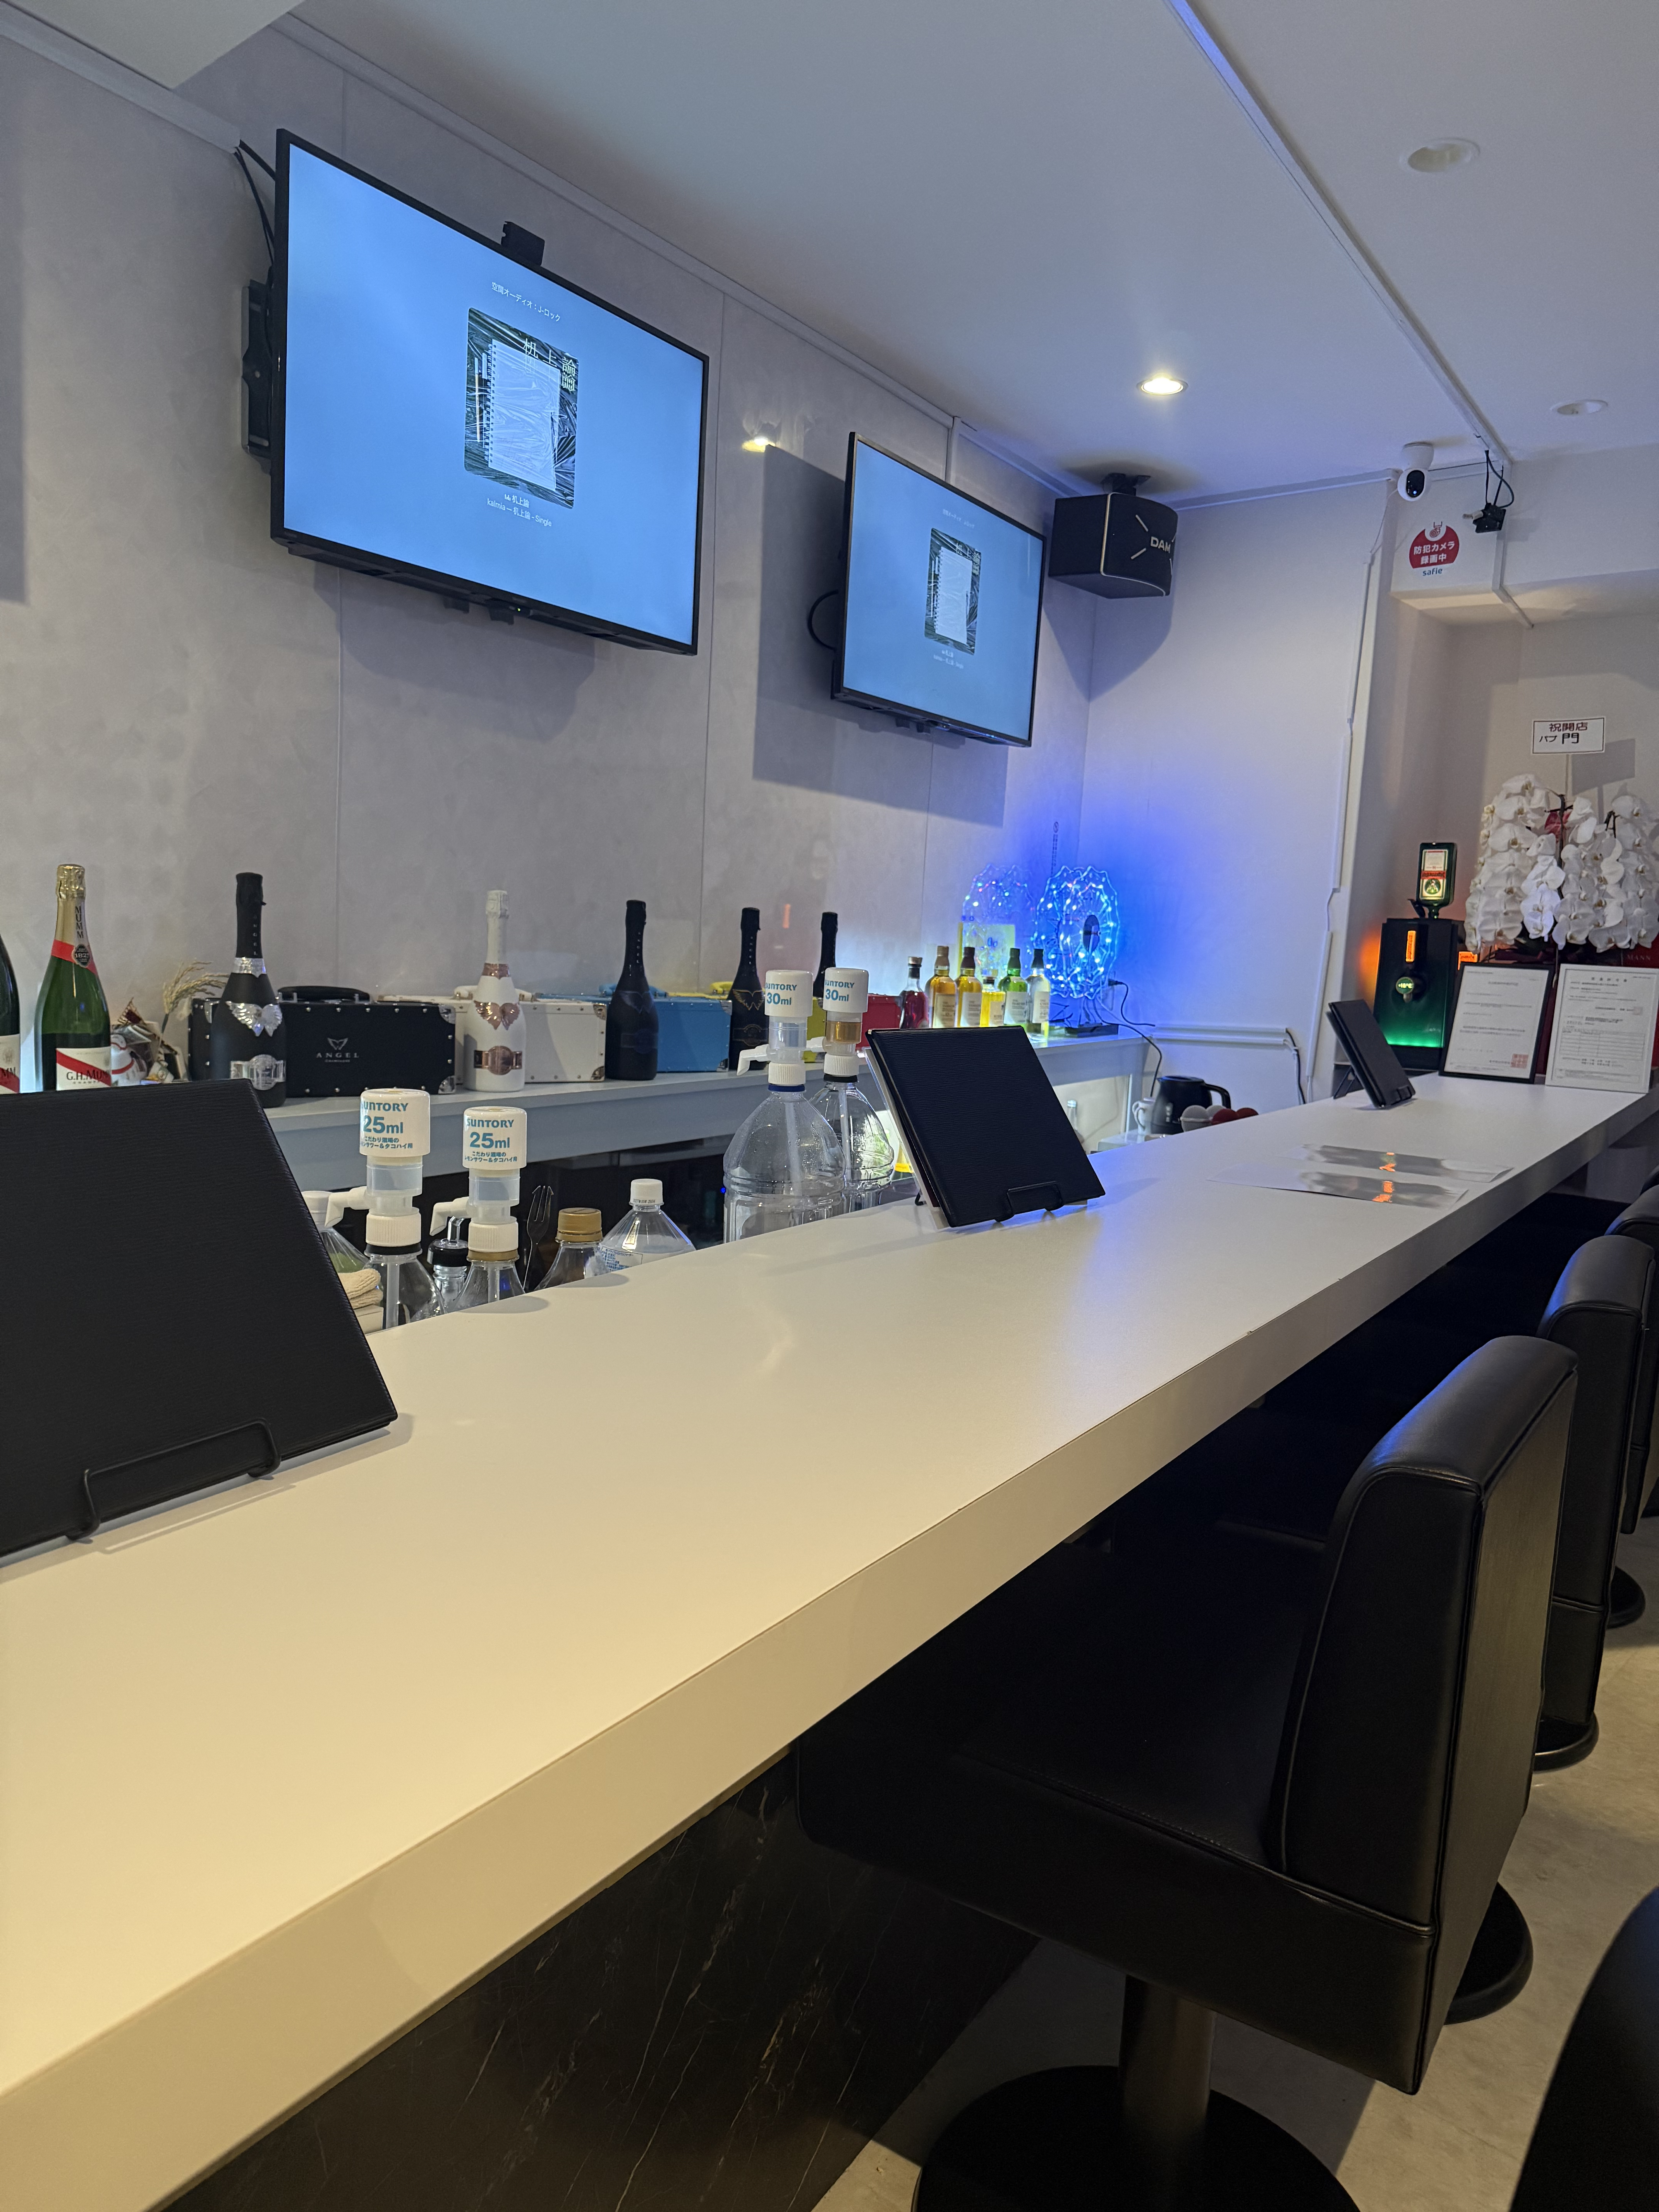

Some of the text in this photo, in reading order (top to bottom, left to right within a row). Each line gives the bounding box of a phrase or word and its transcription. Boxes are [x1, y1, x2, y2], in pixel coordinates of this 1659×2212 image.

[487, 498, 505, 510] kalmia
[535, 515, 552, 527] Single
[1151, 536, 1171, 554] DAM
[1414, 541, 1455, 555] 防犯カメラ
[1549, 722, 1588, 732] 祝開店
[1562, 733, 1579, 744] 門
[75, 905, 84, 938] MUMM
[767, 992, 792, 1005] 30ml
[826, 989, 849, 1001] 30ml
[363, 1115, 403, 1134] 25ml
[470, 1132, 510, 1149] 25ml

• • •

Every record gets retyped exactly; no picture goes into the copy.

▶ **Exercise output**
Some of the text in this photo, in reading order (top to bottom, left to right within a row). Each line gives the bounding box of a phrase or word and its transcription. Boxes are [x1, y1, x2, y2], in pixel coordinates of this 1659×2212 image.

[487, 498, 505, 510] kalmia
[535, 515, 552, 527] Single
[1151, 536, 1171, 554] DAM
[1414, 541, 1455, 555] 防犯カメラ
[1549, 722, 1588, 732] 祝開店
[1562, 733, 1579, 744] 門
[75, 905, 84, 938] MUMM
[767, 992, 792, 1005] 30ml
[826, 989, 849, 1001] 30ml
[363, 1115, 403, 1134] 25ml
[470, 1132, 510, 1149] 25ml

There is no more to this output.